HC Deb 25 July 1963 vol 681 cc1774-5
Q5. Mr. G. M. Thomson

asked the Prime Minister what recent representations he has received concerning Government policy for the jute industry; and what reply he has made.

The Prime Minister

I was informed of the views held by the industry at an early stage of its discussions with the Board of Trade. I was able to reply that the progress of the negotiations would remove any grounds for the industry to fear that those would, for the next year at least, be any decline in the measure of protection for the vast bulk of the goods it produces.

Mr. Thomson

Is the Prime Minister aware that the proposals put forward threaten thousands of jobs in this industry; and that he himself has caused grave confusion and uncertainty by making a statement on this matter to his hon. Friend the Member for South Angus (Sir J. Duncan) which was quite different from what the Minister of State, Board of Trade was at the same time saying confidentially to the industry in Dundee?
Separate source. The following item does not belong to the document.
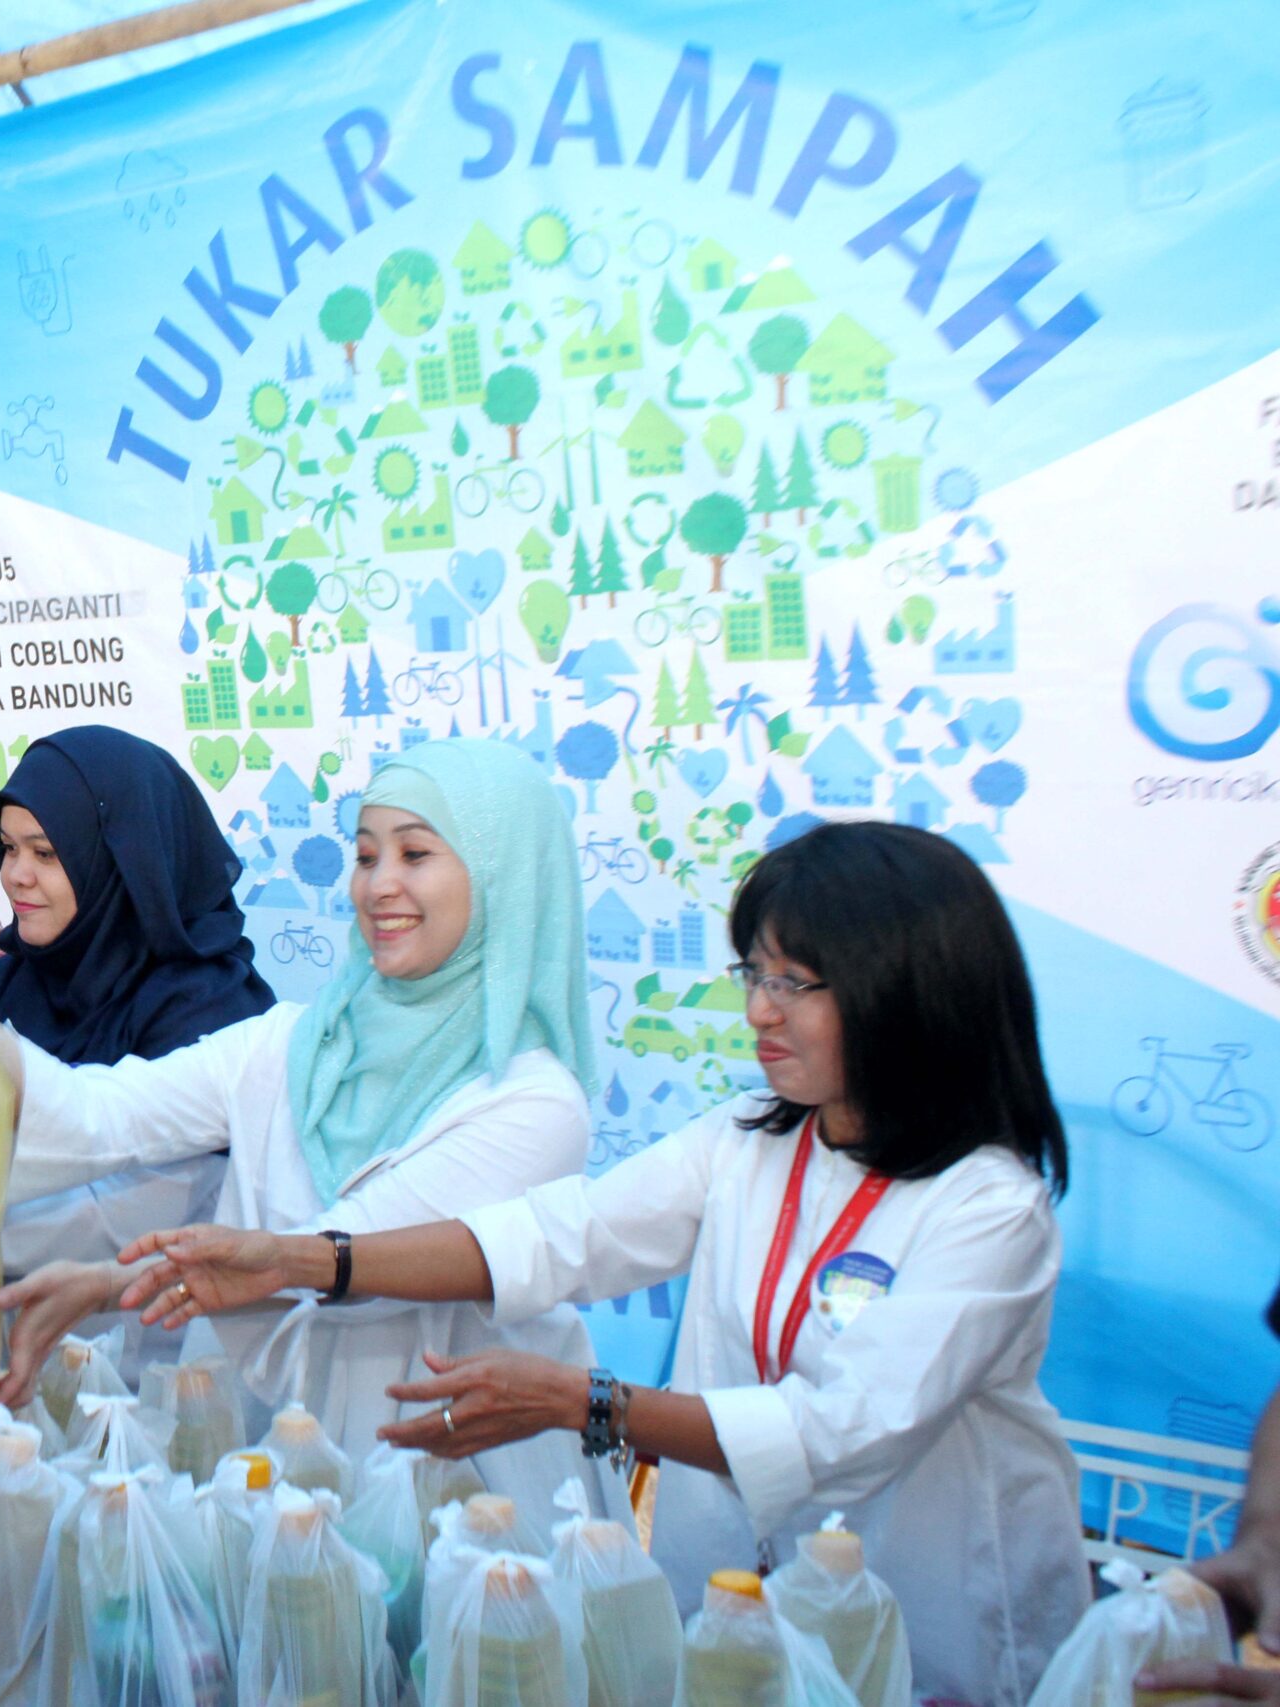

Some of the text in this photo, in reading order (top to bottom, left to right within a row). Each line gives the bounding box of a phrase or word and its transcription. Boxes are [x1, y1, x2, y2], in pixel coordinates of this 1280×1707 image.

[106, 39, 1102, 483] TUKAR SAMPAH
[10, 636, 125, 667] COBLONG
[11, 680, 133, 710] BANDUNG
Will he therefore give an assurance that the Government will not take any action to make any changes in the present structure of protection in the industry until there has been a full-scale inquiry into the industry?

The Prime Minister

There are two points there. I do not think that there was anything inconsistent between what I said and the plan being discussed. As to a full inquiry, consultations are going on on this very point.

Mr. Jay

As this gratuitous intervention by the Board of Trade may, in the opinion of those best informed in Dundee, threaten the city with the worst unemployment crisis for 20 years, will not the Prime Minister, if he wants the Government's policy on Scotland to be taken seriously, now invite the Board of Trade to abandon these proposals, and reconsider the whole matter?

The Prime Minister

I think that by far the best thing is for the consultations and discussions that are now going on to proceed.

Mr. Ross

Will not the right hon. Gentleman give more thought to this subject, as it is so serious as to merit reconsideration and withdrawal of the existing proposals? Will he look at the report in Hansard of the debate that took place at about three o'clock this morning, and pay some attention to the speech delivered by the vice-chairman of the Unionist and Conservative Party in Scotland, which expressed very considerable concern and distress at the wayward policies of the Government in respect of Dundee and jute?

The Prime Minister

I have looked at that and, in fact, these consultations are going on, and I think it better to leave it there for the moment.